AIM OF THE TASK:
Each record is to be printed again exactly, though not its pictures.

== INFORMATION SUPPLIED

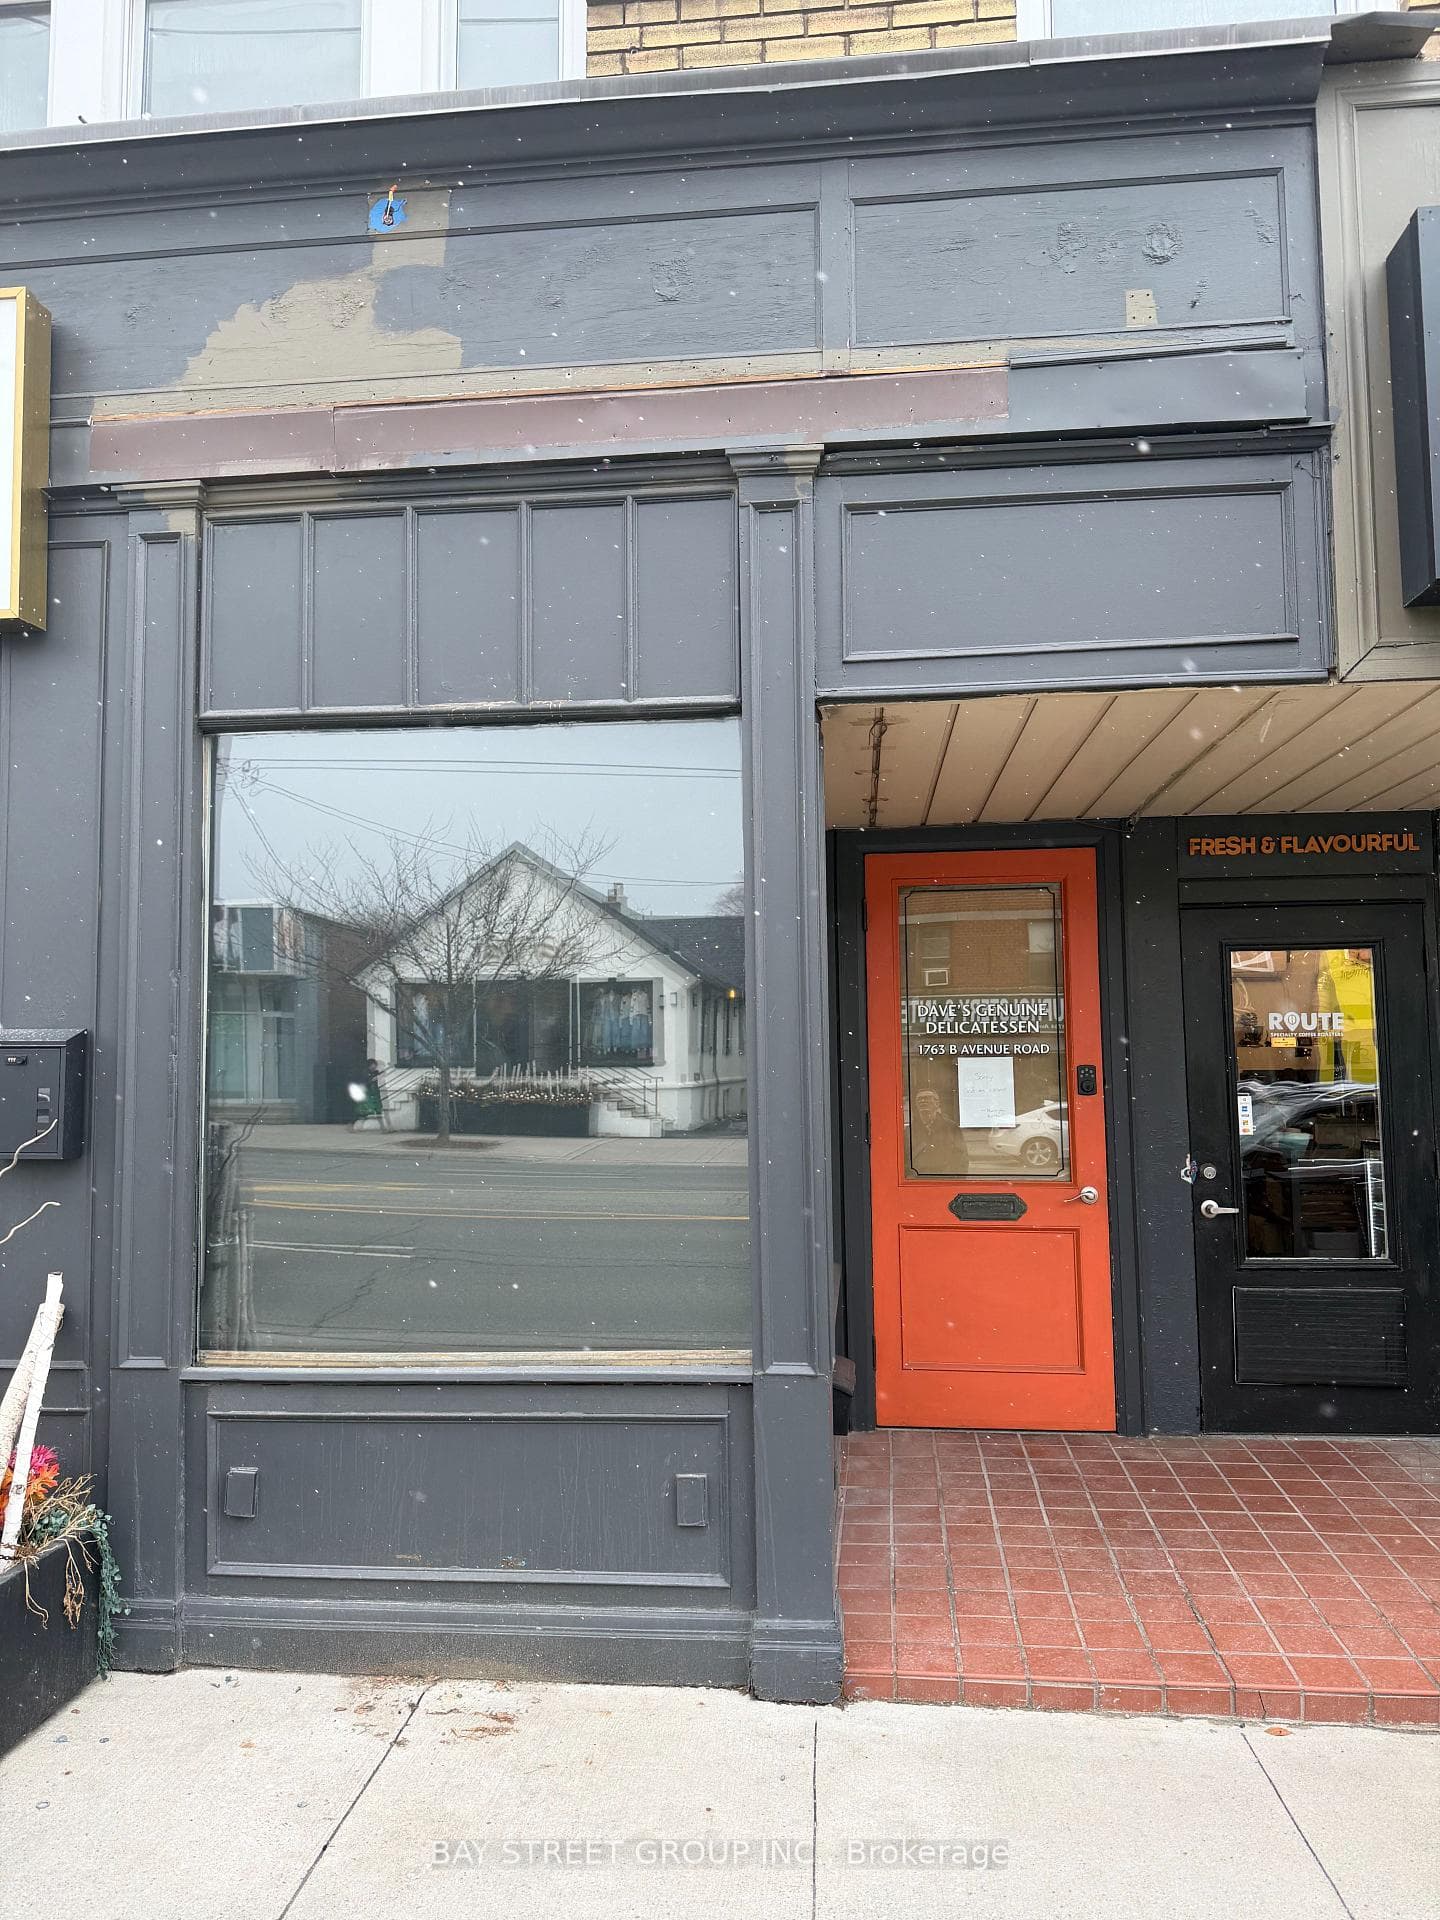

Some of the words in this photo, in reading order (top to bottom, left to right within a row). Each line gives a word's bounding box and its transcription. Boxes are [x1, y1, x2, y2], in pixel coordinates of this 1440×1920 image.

[1189, 836, 1256, 856] FRESH
[1260, 836, 1276, 854] &
[1280, 833, 1421, 854] FLAVOURFUL
[917, 1004, 971, 1017] DAVE'S
[976, 1003, 1048, 1017] GENUINE
[926, 1021, 1041, 1034] DELICATESSEN
[1268, 1011, 1345, 1032] ROUTE
[918, 1044, 945, 1055] 1763
[949, 1044, 957, 1054] B
[960, 1043, 1010, 1055] AVENUE
[1013, 1043, 1050, 1054] ROAD
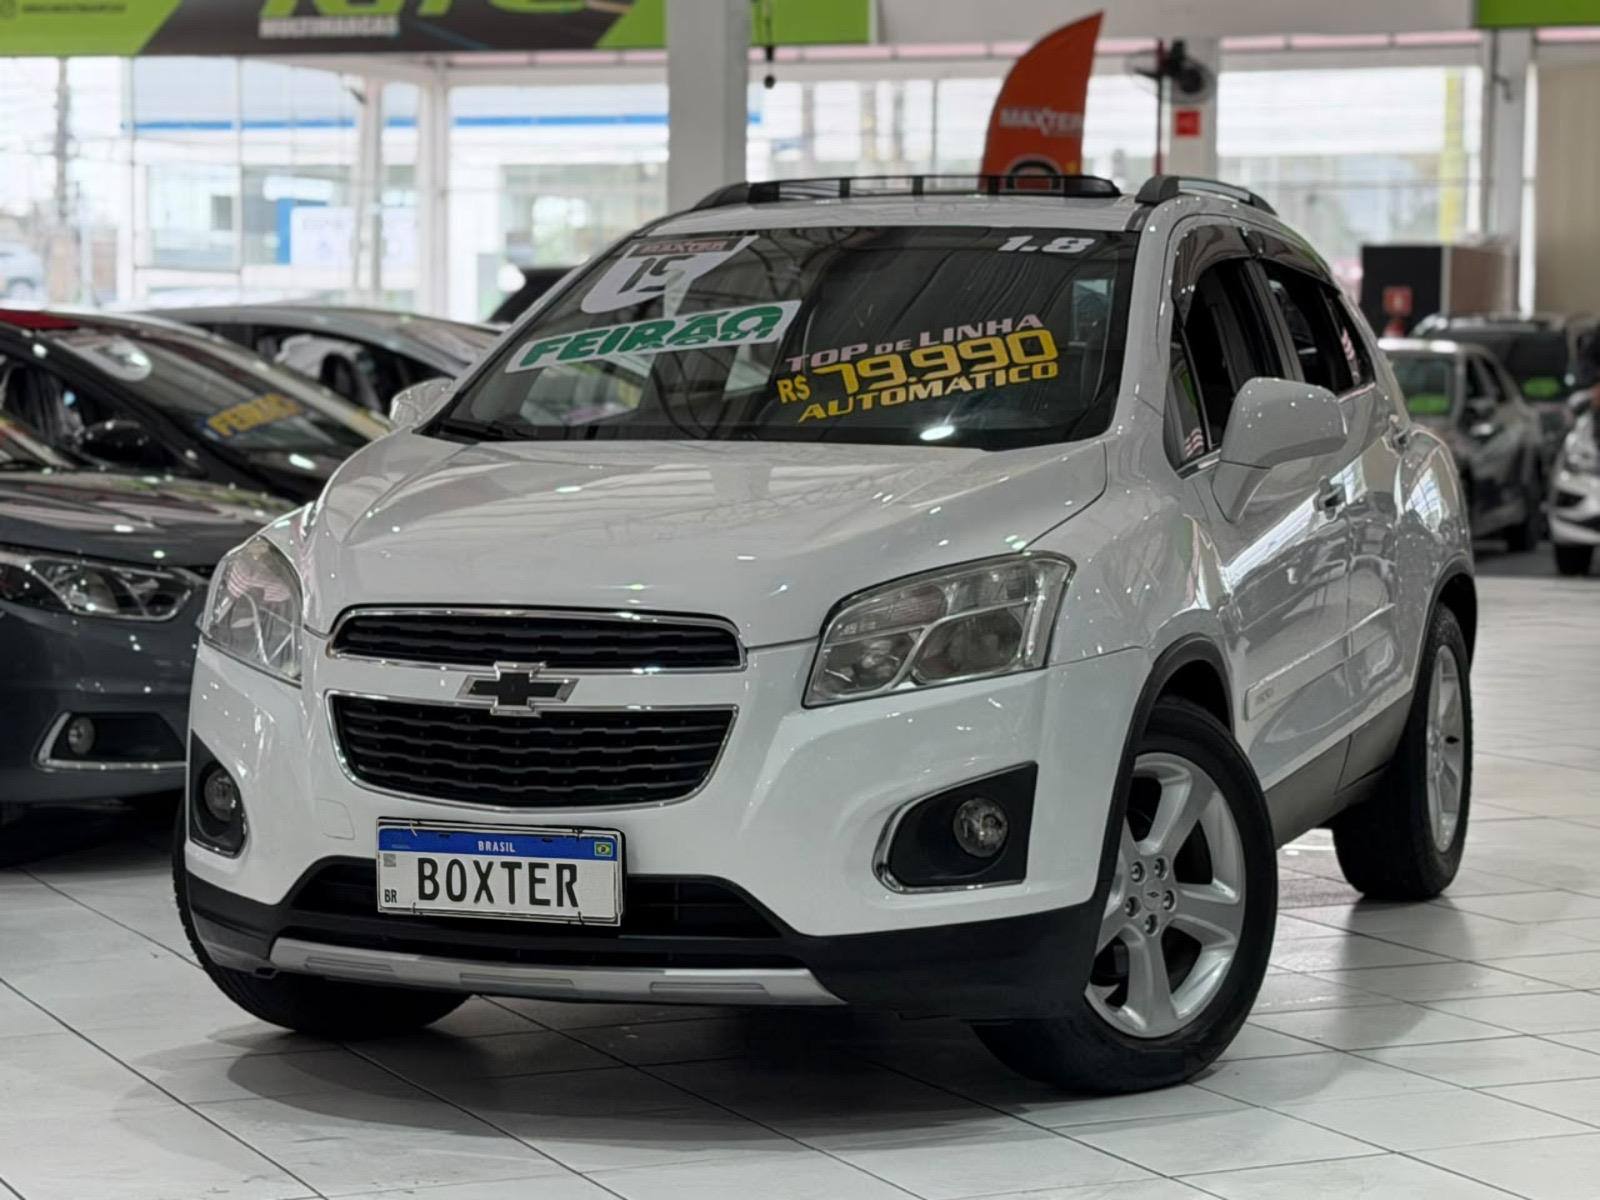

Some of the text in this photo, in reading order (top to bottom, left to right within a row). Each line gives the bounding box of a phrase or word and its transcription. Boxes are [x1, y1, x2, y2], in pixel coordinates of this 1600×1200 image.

[998, 235, 1095, 253] 1.8
[786, 313, 1043, 372] TOP DE LINHA
[812, 328, 1059, 396] 79.990
[477, 840, 516, 853] BRASIL
[384, 888, 398, 904] BR
[417, 857, 579, 908] BOXTER
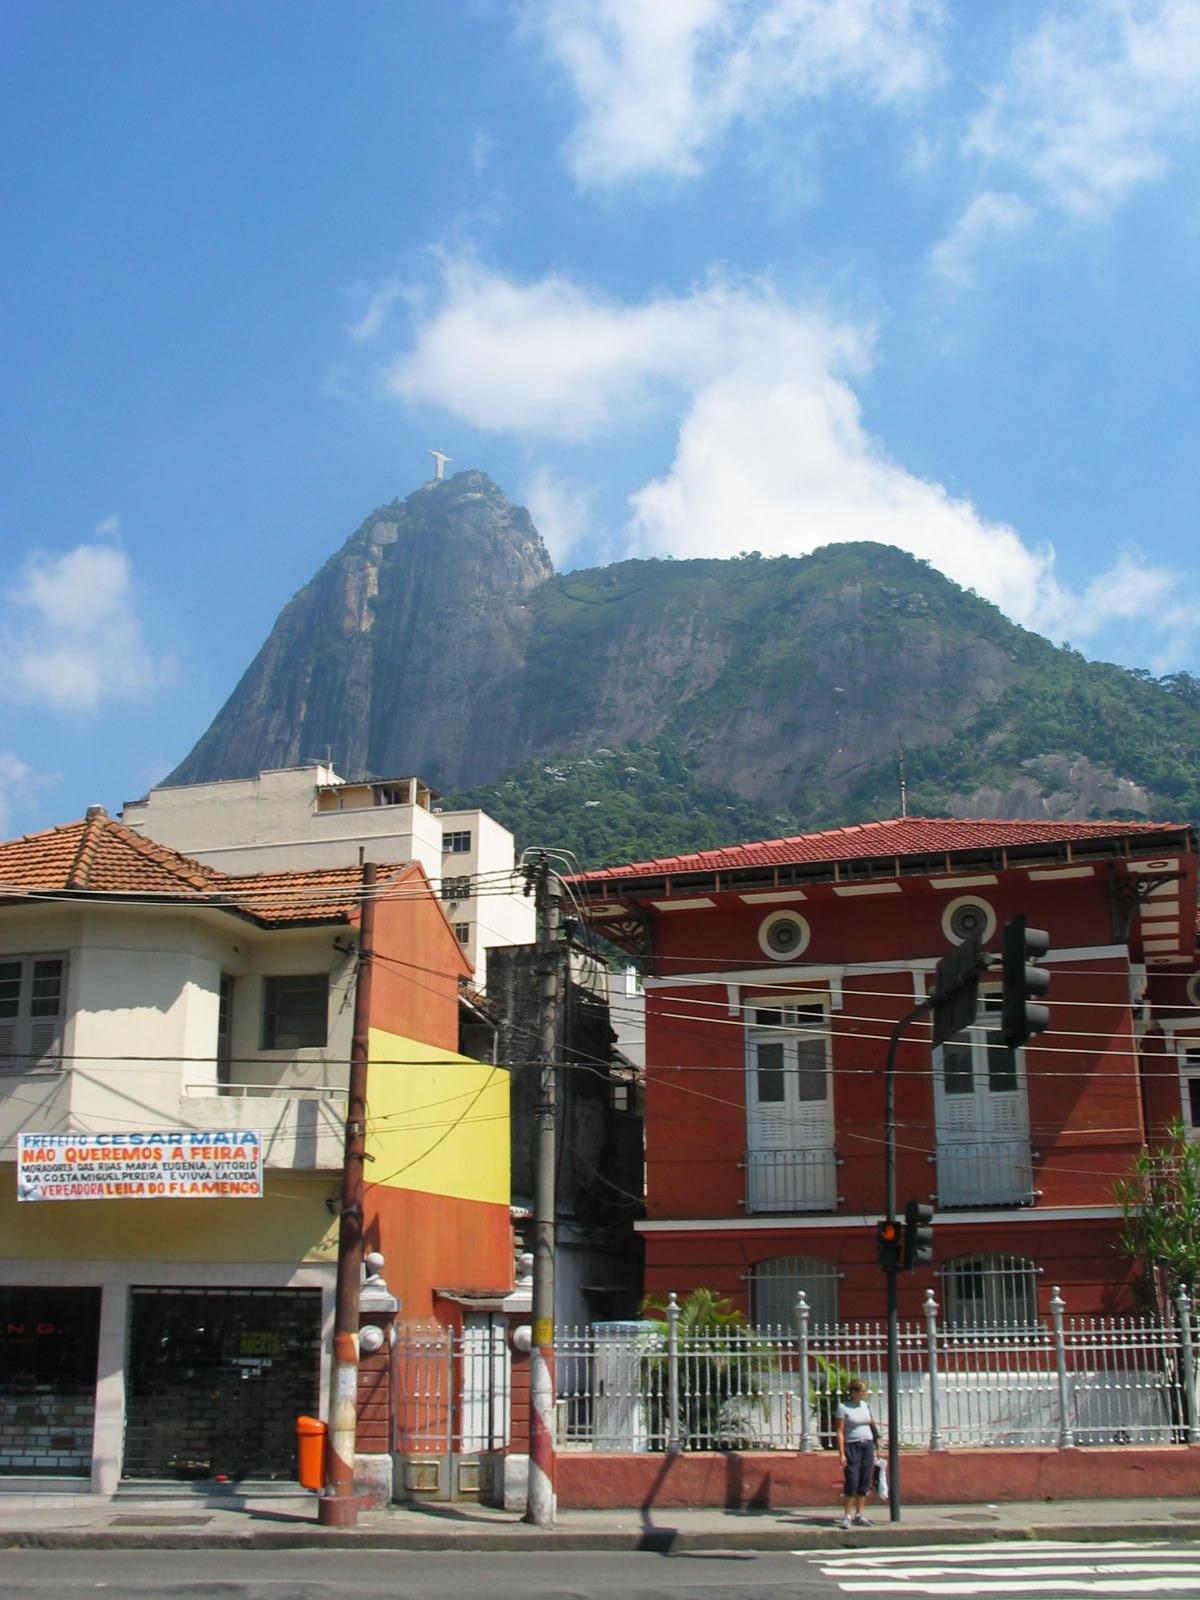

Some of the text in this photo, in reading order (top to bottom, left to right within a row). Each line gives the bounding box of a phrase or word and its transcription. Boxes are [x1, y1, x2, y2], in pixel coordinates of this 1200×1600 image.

[24, 1132, 258, 1147] PREFEITO CESAR MAIA
[65, 1147, 163, 1163] QUEREMOS
[171, 1146, 185, 1160] A
[190, 1146, 247, 1160] FEIRA
[22, 1164, 73, 1173] MORADORES
[98, 1163, 121, 1171] RUAS
[126, 1162, 158, 1171] MARIA
[44, 1173, 79, 1182] COSTA
[81, 1172, 120, 1182] MIGUEL
[122, 1172, 163, 1181] PEREIRA
[170, 1172, 177, 1180] E
[215, 1171, 257, 1180] LACERDA
[40, 1182, 260, 1197] VEREADORA LEILA DO FLAMENGO
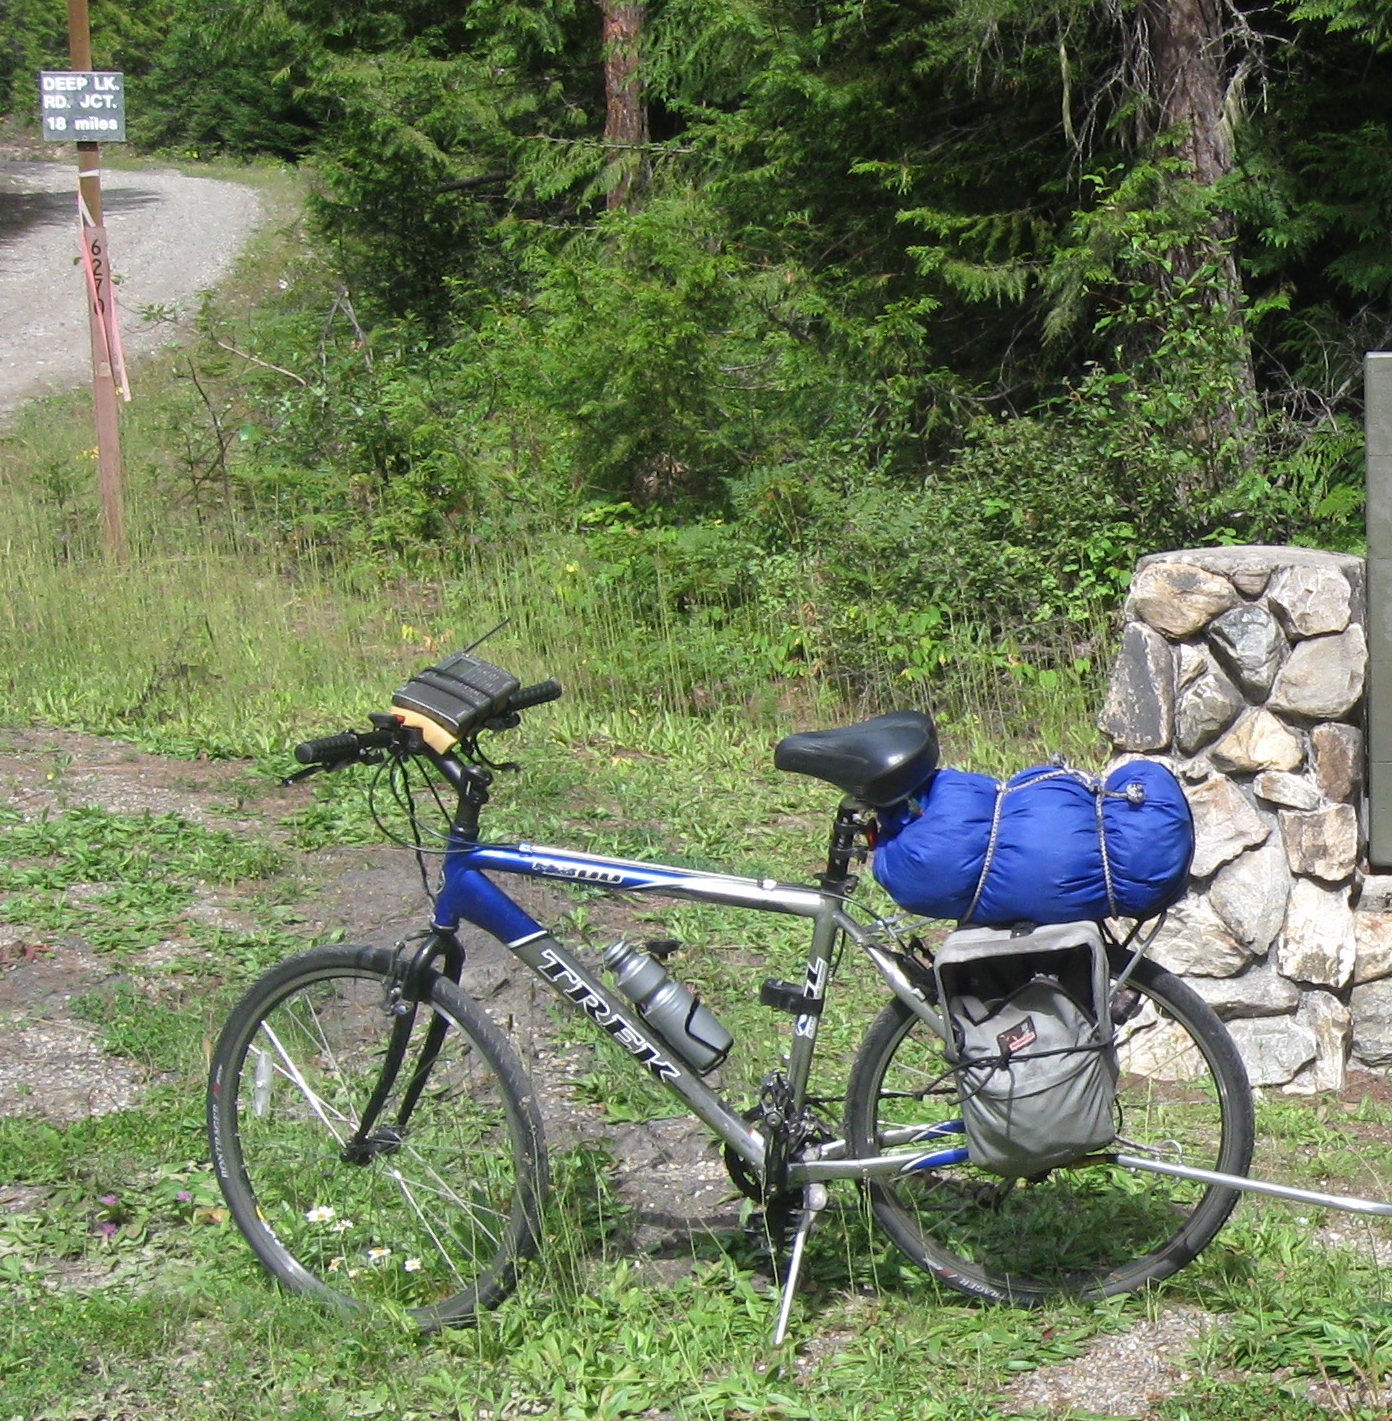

====

ANSWER TO THE EXERCISE:
Some of the words in this photo, in reading order (top to bottom, left to right within a row). Each line gives a word's bounding box and its transcription. Boxes are [x1, y1, x2, y2], in pixel coordinates of this 1440×1920 image.

[1189, 836, 1256, 856] FRESH
[1260, 836, 1276, 854] &
[1280, 833, 1421, 854] FLAVOURFUL
[917, 1004, 971, 1017] DAVE'S
[976, 1003, 1048, 1017] GENUINE
[926, 1021, 1041, 1034] DELICATESSEN
[1268, 1011, 1345, 1032] ROUTE
[918, 1044, 945, 1055] 1763
[949, 1044, 957, 1054] B
[960, 1043, 1010, 1055] AVENUE
[1013, 1043, 1050, 1054] ROAD

Some of the text in this photo, in reading order (top to bottom, left to right within a row). Each line gives the bounding box of a phrase or word and its transcription. Boxes are [x1, y1, x2, y2], in pixel coordinates of this 1600×1200 image.

[998, 235, 1095, 253] 1.8
[786, 313, 1043, 372] TOP DE LINHA
[812, 328, 1059, 396] 79.990
[477, 840, 516, 853] BRASIL
[384, 888, 398, 904] BR
[417, 857, 579, 908] BOXTER

Some of the text in this photo, in reading order (top to bottom, left to right within a row). Each line gives the bounding box of a phrase or word and its transcription. Boxes are [x1, y1, x2, y2], in pixel coordinates of this 1200×1600 image.

[24, 1132, 258, 1147] PREFEITO CESAR MAIA
[65, 1147, 163, 1163] QUEREMOS
[171, 1146, 185, 1160] A
[190, 1146, 247, 1160] FEIRA
[22, 1164, 73, 1173] MORADORES
[98, 1163, 121, 1171] RUAS
[126, 1162, 158, 1171] MARIA
[44, 1173, 79, 1182] COSTA
[81, 1172, 120, 1182] MIGUEL
[122, 1172, 163, 1181] PEREIRA
[170, 1172, 177, 1180] E
[215, 1171, 257, 1180] LACERDA
[40, 1182, 260, 1197] VEREADORA LEILA DO FLAMENGO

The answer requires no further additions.